> **HOW TO COMPLETE THIS TASK**: Every line below is to be set down again exactly; any image stays out.

> **RAW DATA**:
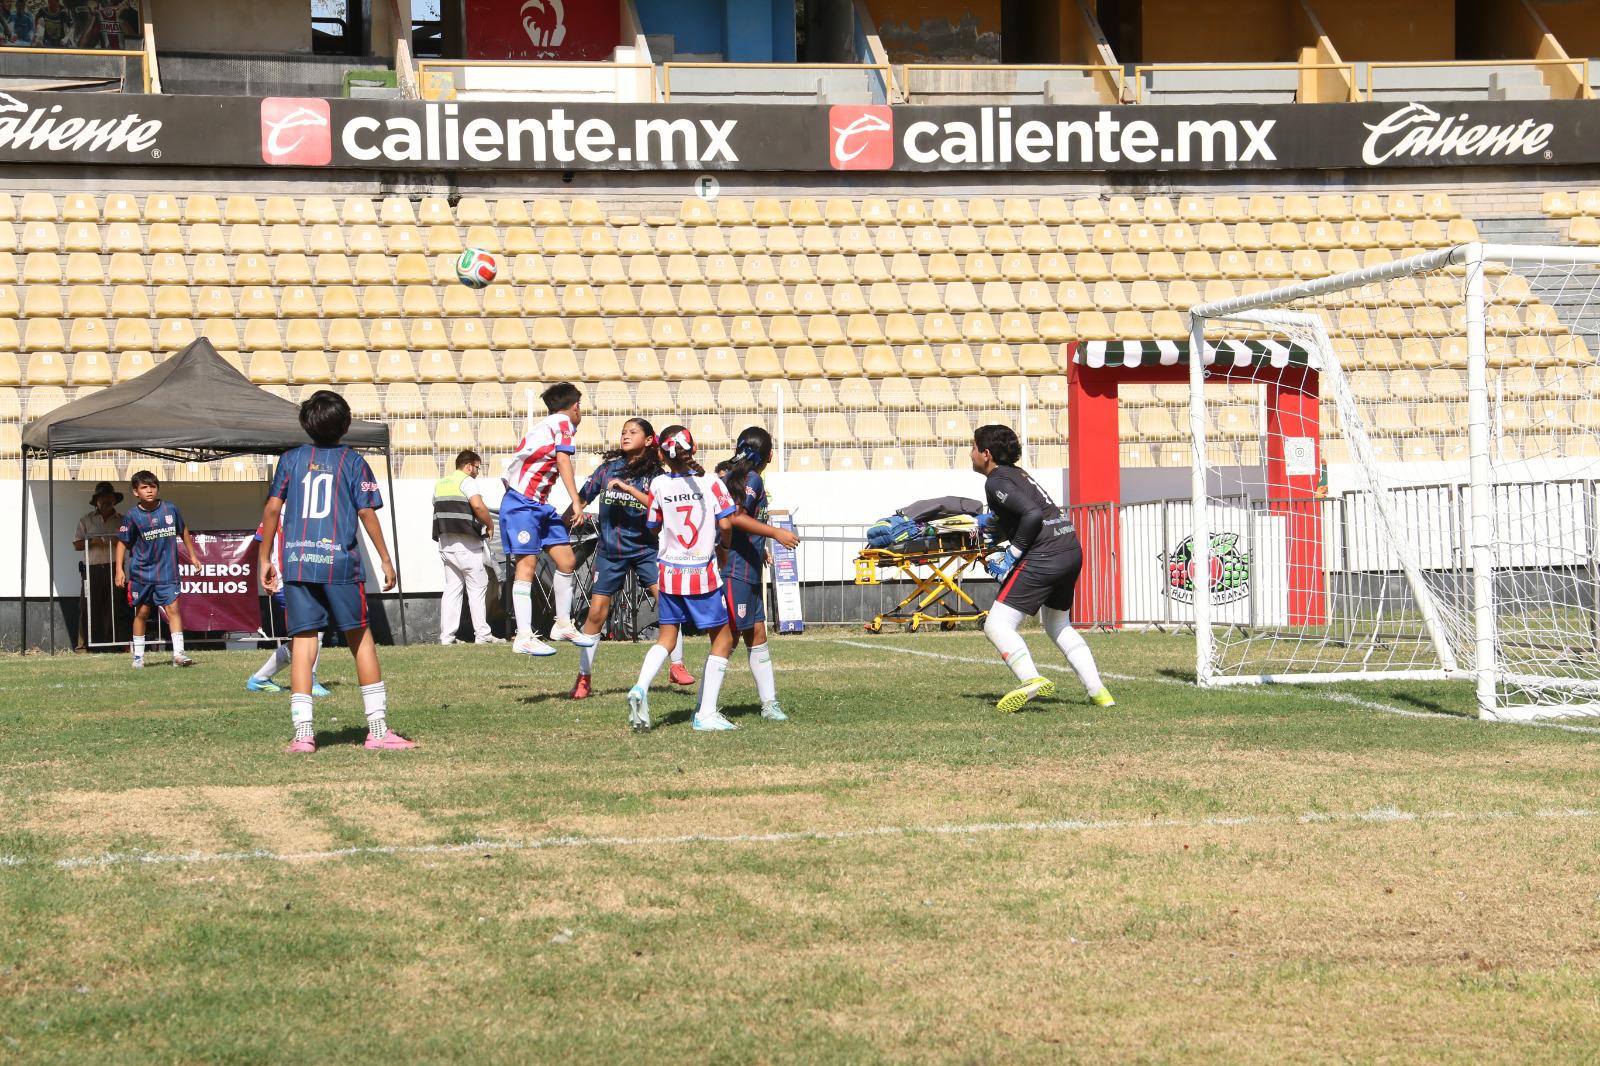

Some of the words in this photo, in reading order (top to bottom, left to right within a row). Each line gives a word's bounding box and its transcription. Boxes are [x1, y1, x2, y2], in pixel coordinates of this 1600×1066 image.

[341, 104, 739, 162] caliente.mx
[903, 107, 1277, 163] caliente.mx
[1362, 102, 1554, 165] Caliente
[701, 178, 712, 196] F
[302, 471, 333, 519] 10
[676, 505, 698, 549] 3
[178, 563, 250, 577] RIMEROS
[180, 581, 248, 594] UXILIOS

> **RESPONSE AREA**:
Some of the words in this photo, in reading order (top to bottom, left to right within a row). Each line gives a word's bounding box and its transcription. Boxes are [x1, y1, x2, y2], in pixel coordinates of this 1600×1066 image.

[341, 104, 739, 162] caliente.mx
[903, 107, 1277, 163] caliente.mx
[1362, 102, 1554, 165] Caliente
[701, 178, 712, 196] F
[302, 471, 333, 519] 10
[676, 505, 698, 549] 3
[178, 563, 250, 577] RIMEROS
[180, 581, 248, 594] UXILIOS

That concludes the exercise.